The theatre and film arts department sends a number of theatrical practitioners each year to compete, and Tubilewicz added that MCC usually has a good showing at the festival. “For a community college, we mop up quite a few nominations and wins at these competitions,” Tubilewicz said. “Which is good, because depending on what it is there can be scholarship awards or networking opportunities or other opportunities for the students when they win.”
The Irene Ryan Foundation offers students one of the many opportunities during the festival to compete, with a chance to be recognized with acting scholarships, according to the press release. Winners receive $500 at the regional event with the possibility of winning $3,500 scholarships if invited to compete at the national festival. Those that are interested must audition with a partner because the competition involves two-person scenes and will need to be prepared for three rounds of different material that also include monologues. Tubilewicz also discussed the Musical Theatre Initiative and Cabaret, a competition for scenes from musicals that the MCC music department competes in, which provides scholarship funds to winners.
He also mentioned the Musical Theatre Initiative and Cabaret, a competition for scenes from musicals that the MCC music department competes in, which provides scholarship funds to winners. Tubilewicz stressed that the focus of students involved in the festival should be the experience as a whole. “It allows our students to see what is out there,” Tubilewicz said. “It’s not about winning… it’s about the experience, and going and seeing other ways of tackling the work. You’re going to learn a ton just from seeing what has been done around your region.”
He said that the workshops are a big element of the experience; an example he gave from last year, Cirque du Soleil held 40 workshops at the festival.

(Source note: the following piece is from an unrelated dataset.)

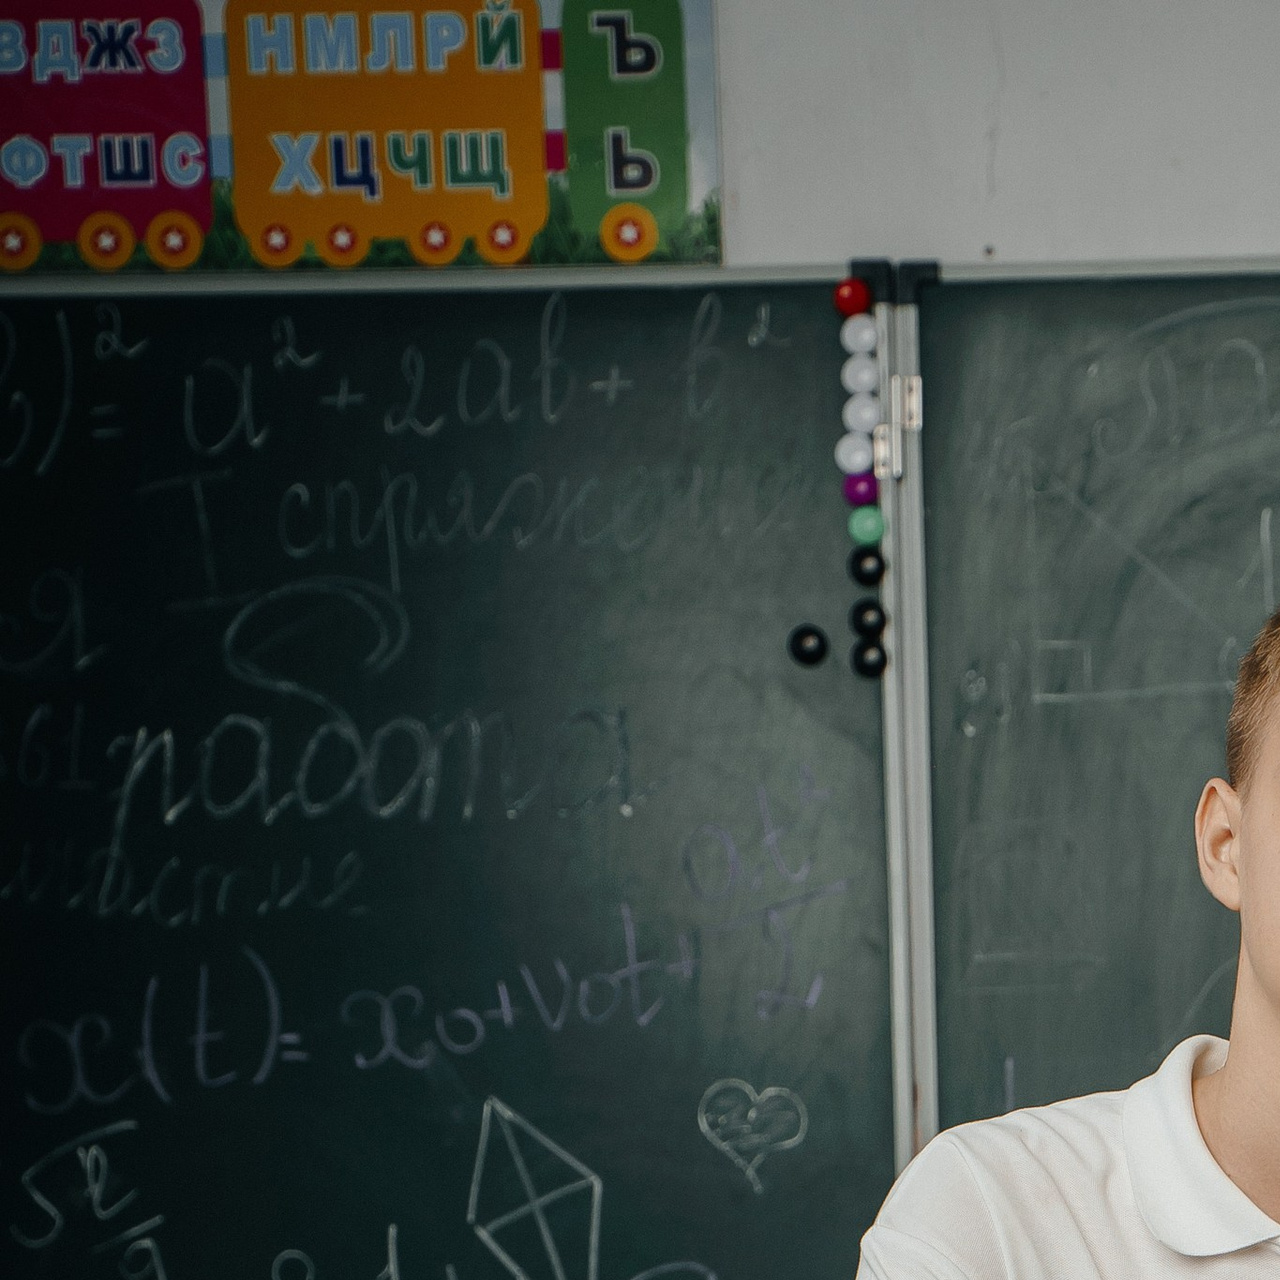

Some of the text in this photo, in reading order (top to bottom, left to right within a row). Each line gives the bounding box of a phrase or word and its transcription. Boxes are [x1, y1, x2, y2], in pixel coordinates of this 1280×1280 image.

“Any of the participants can take advantage of any of those workshops they want,” Tubilewicz said. Only festival registrants can participate in some elements of the festival, but anyone on campus or in the community could register to be a part of the festival, and the public could also attend to see the invited productions performed according to Tubilewicz. “We’re happy to have them back, and to be able to get as many of our MCC students involved with us as we possibly can,” Tubilewicz said.